Nueva Cultura Uandes busca formar líderes políticos, sociales y académicos con presencia pública, capaces de aportar activamente al debate público y a iniciativas de repercusión social. Además, apoya a profesores de distintas universidades en la difusión de ideas constructivas y contempla becas para jóvenes vinculados al espacio público y para futuros académicos con dedicación completa durante dos años. En ese contexto se inserta la historia de Juan Pablo Chamón, quien llegó a Chile con una trayectoria construida en La Paz, Bolivia, donde dirigía un centro de estudios dedicado a la formación de jóvenes líderes y al fortalecimiento de la sociedad civil. Su vida estaba profundamente vinculada al trabajo público, a la formación de personas y a la discusión sobre el futuro de su país, hasta que la situación política lo obligó a salir de Bolivia, donde vivió “una interrupción real de una vida que había construido durante años”.
Fue entonces cuando apareció la Universidad de los Andes, donde estudió el Magíster en Estudios Políticos gracias a una beca otorgada por Nueva Cultura. Recibir este apoyo cambió profundamente su experiencia fuera de Bolivia: “Sin ella, salir del país habría sido sobre todo una forma de resistir y esperar. Con la beca, esa salida encontró un lugar, una comunidad y una tarea”.
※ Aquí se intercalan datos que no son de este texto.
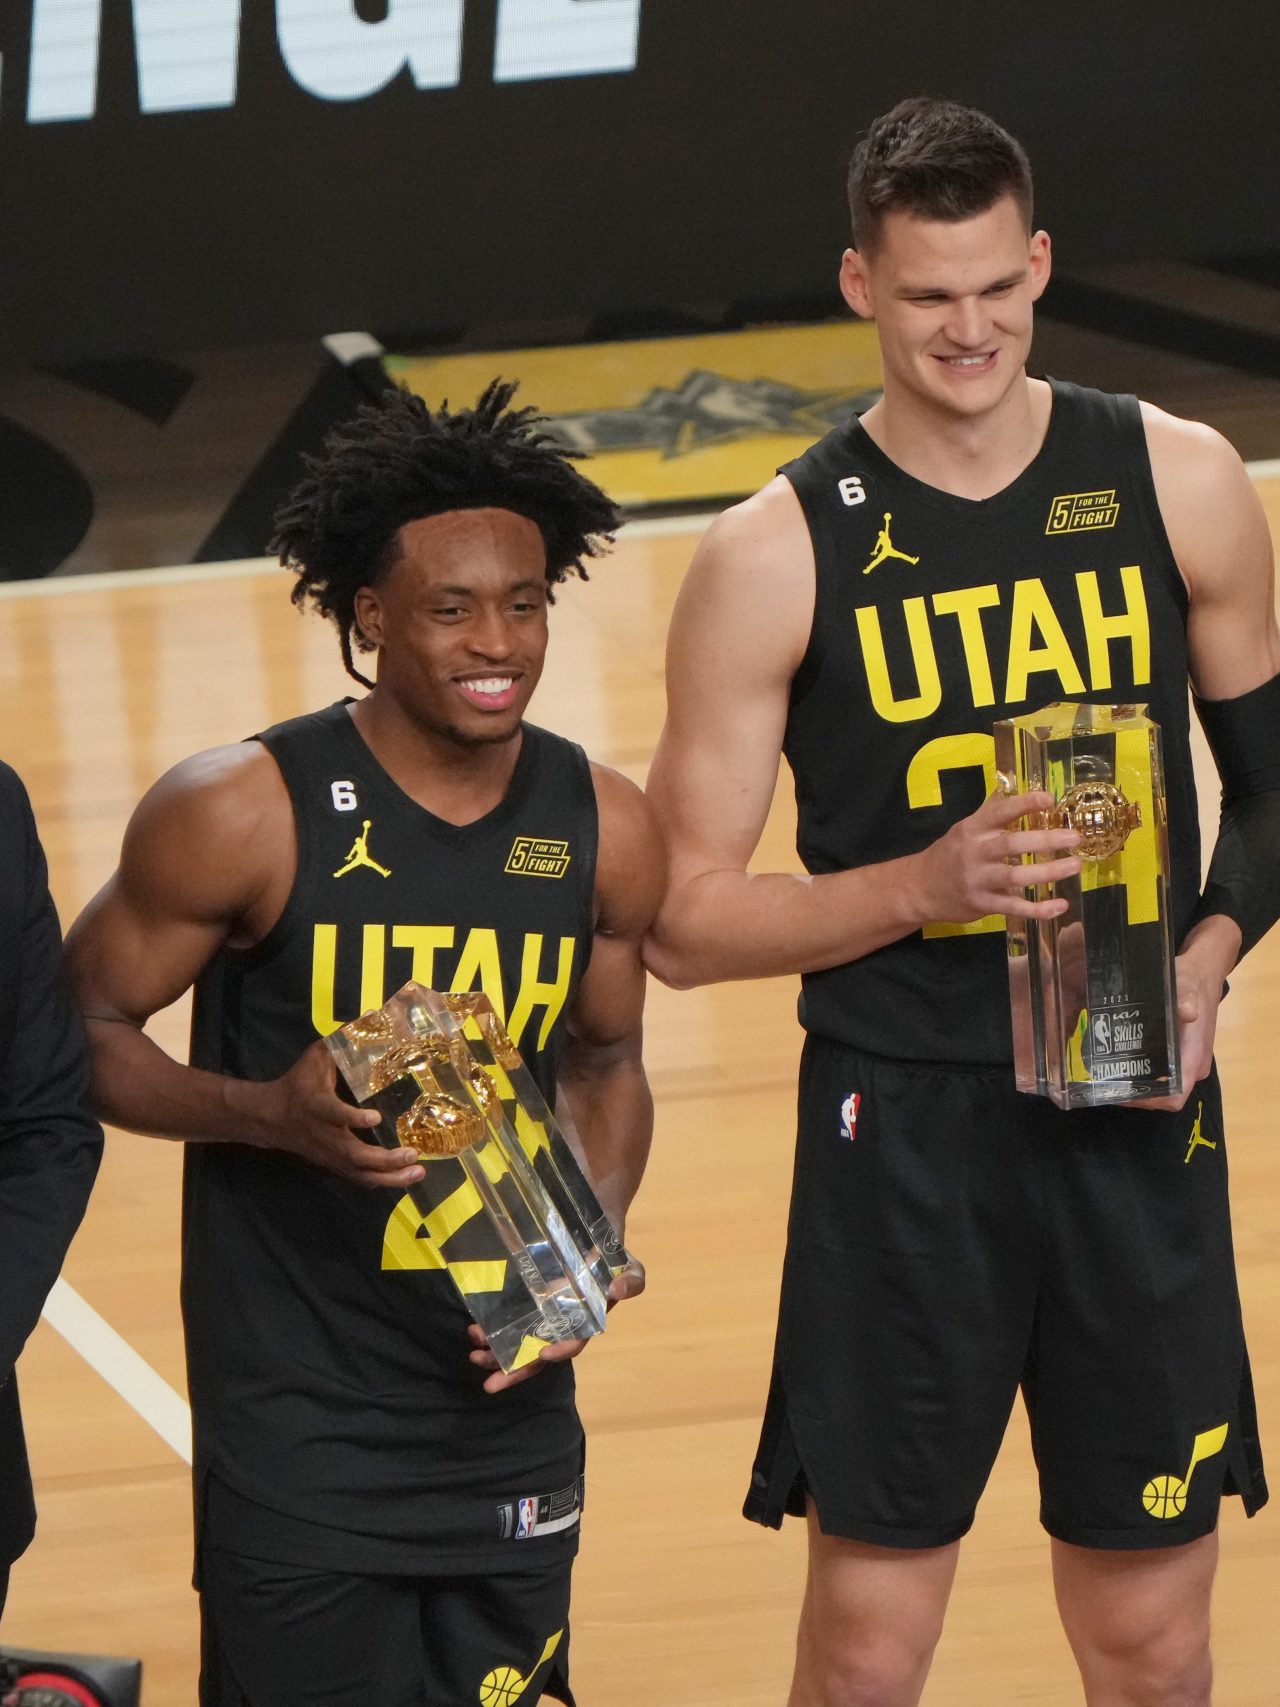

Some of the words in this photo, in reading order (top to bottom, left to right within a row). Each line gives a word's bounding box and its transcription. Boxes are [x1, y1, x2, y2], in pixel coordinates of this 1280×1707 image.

[836, 476, 867, 506] 6
[1079, 498, 1093, 507] FOR
[1094, 496, 1109, 505] THE
[1053, 501, 1071, 529] 5
[1073, 510, 1113, 527] FIGHT
[855, 565, 1151, 723] UTAH
[330, 780, 358, 812] 6
[511, 842, 530, 869] 5
[534, 844, 549, 853] FOR
[549, 846, 562, 854] THE
[527, 858, 564, 873] FIGHT
[1114, 1022, 1144, 1043] SKILLS
[1090, 1058, 1152, 1081] CHAMPIONS
Para él, la beca no fue solo un apoyo económico, sino una posibilidad vital. Le dio algo parecido a un hogar y, al mismo tiempo, un espacio de estudio serio, constante y exigente. También le permitió no vivir esta etapa como una espera o un paréntesis, sino como una forma concreta de seguir unido a Bolivia desde otro lugar. “La beca no resolvió todos los problemas, pero me dio un lugar desde donde no rendirme”, asegura.
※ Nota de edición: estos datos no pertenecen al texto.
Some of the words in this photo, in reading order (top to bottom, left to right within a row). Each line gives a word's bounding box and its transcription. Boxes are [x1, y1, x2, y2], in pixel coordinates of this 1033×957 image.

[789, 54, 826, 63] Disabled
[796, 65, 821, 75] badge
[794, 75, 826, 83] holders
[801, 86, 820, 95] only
Ese apoyo también tuvo un impacto directo en su carrera y en el trabajo que ya venía desarrollando. Chamón explica que lo que recibe en la Universidad no queda solo en él, sino que vuelve a los programas que dirige, a las personas que forma, a las conversaciones en las que participa y al país al que quiere seguir sirviendo.
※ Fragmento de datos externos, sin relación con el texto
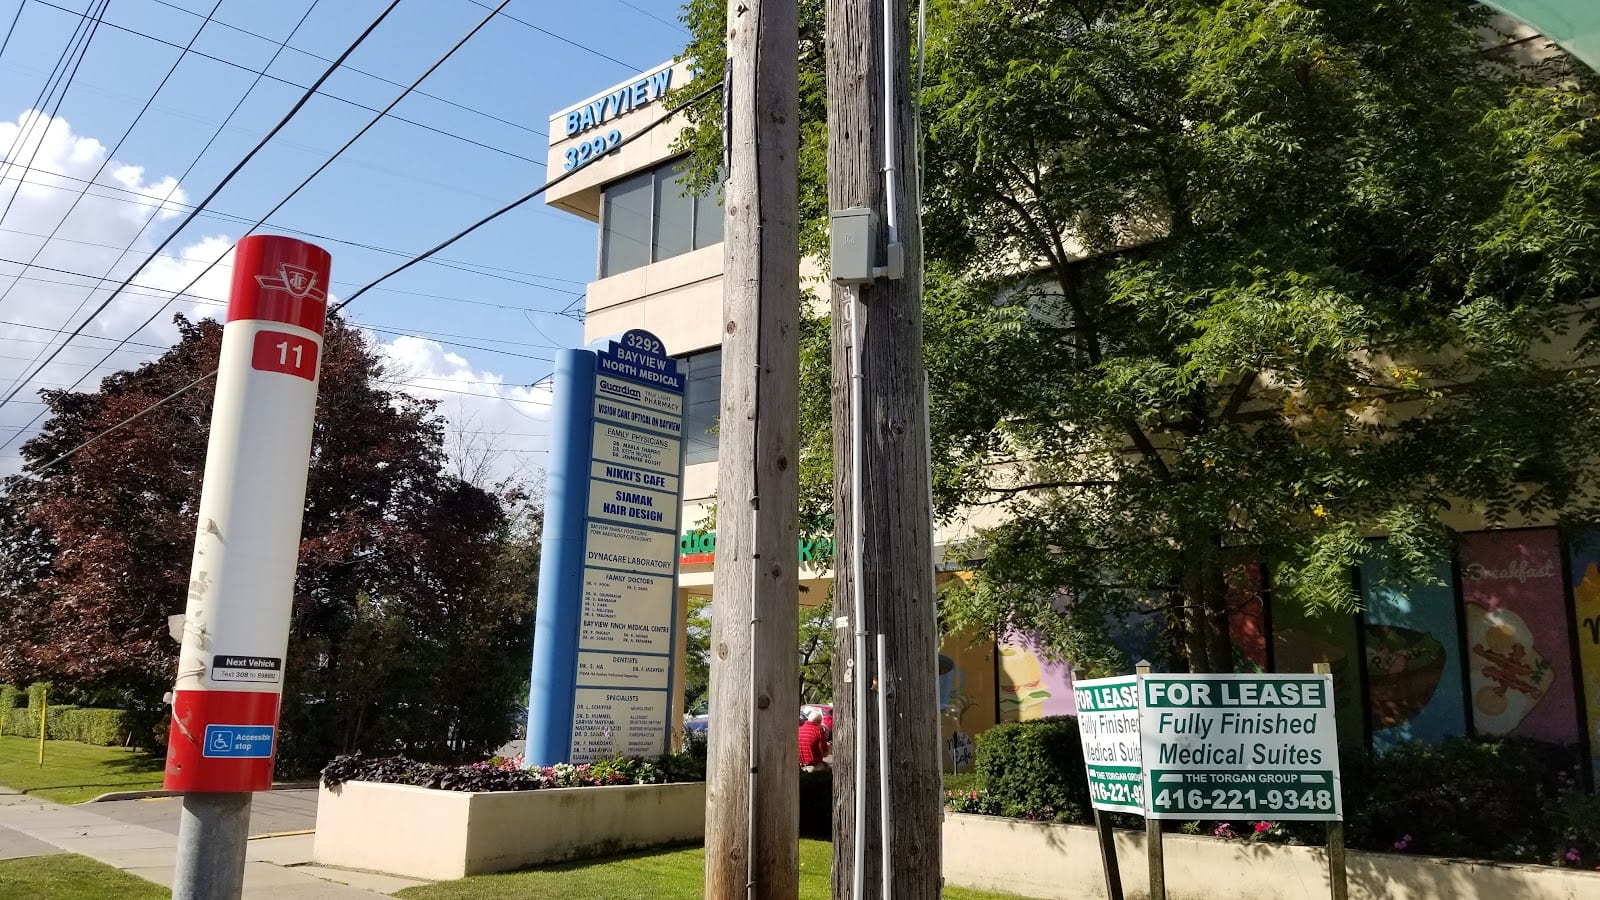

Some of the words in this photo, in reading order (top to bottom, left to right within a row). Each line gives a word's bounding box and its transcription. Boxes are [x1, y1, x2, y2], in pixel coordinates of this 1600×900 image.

[566, 67, 673, 137] BAYVIEW
[564, 130, 622, 170] 3292
[628, 334, 660, 354] 3292
[276, 342, 302, 368] 11
[618, 348, 666, 371] BAYVIEW
[602, 358, 637, 376] NORTH
[639, 369, 679, 388] MEDICAL
[600, 380, 640, 398] Guardian
[644, 397, 679, 410] PHARMACY
[598, 404, 616, 416] VISION
[617, 407, 630, 418] CARE
[631, 411, 651, 424] OPTICAL
[652, 417, 659, 427] ON
[660, 420, 680, 432] BAYVIEW
[608, 428, 630, 438] FAMILY
[632, 434, 669, 448] PHYSICIANS
[606, 466, 642, 482] NIKKI'S
[644, 474, 666, 487] CAFE
[616, 490, 653, 506] SIAMAK
[603, 502, 626, 516] HAIR
[628, 508, 663, 522] DESIGN
[588, 551, 626, 564] DYNACARE
[628, 557, 672, 569] LABORATORY
[606, 574, 626, 582] FAMILY
[628, 576, 654, 585] DOCTORS
[1468, 560, 1555, 584] Breakfast
[584, 620, 608, 628] BAYVIEW
[610, 622, 626, 630] FINCH
[627, 624, 650, 632] MEDICAL
[226, 658, 246, 666] Next
[248, 659, 275, 668] Vehicle
[613, 656, 638, 664] DENTISTS
[606, 694, 639, 702] SPECIALISTS
[1076, 689, 1095, 710] FOR
[1094, 686, 1138, 709] LEASE
[1148, 683, 1211, 706] FOR
[1221, 683, 1320, 706] LEASE
[1081, 716, 1097, 740] Fully
[1159, 712, 1216, 739] Fully
[1220, 713, 1317, 735] Finished
[1085, 742, 1117, 762] Medical
[1159, 742, 1244, 765] Medical
[1252, 744, 1322, 766] Suites
[1186, 774, 1207, 783] THE
[1208, 774, 1258, 783] TORGAN
[1260, 774, 1298, 784] GROUP
[1155, 788, 1332, 810] 416-221-9348
“Una beca le permite a una persona salir de la lógica de la pura supervivencia y entrar en un espacio donde puede estudiar y pensar mejor, y prepararse con más seriedad. Le da tiempo, exigencia, compañía y un lugar desde donde crecer”, señala.
Saber que hay personas que donan para que estudiantes como él puedan estudiar tiene, para Chamón, un significado profundo. “Le pone rostro a la beca. Uno puede hablar de programas, universidades o fondos, pero al final detrás de una beca hay personas concretas que decidieron ayudar a alguien que muchas veces ni siquiera conocen”.
Por eso, cuando piensa en el impacto real de una beca, no lo reduce al financiamiento de los estudios. Para él, muchas veces una beca actúa en silencio: forma a una persona, y esa persona después forma, acompaña, orienta o sostiene a muchas otras.
“Si tuviera que resumir en una frase lo que esta beca ha significado para mí, esta beca me dio un lugar desde donde seguir”.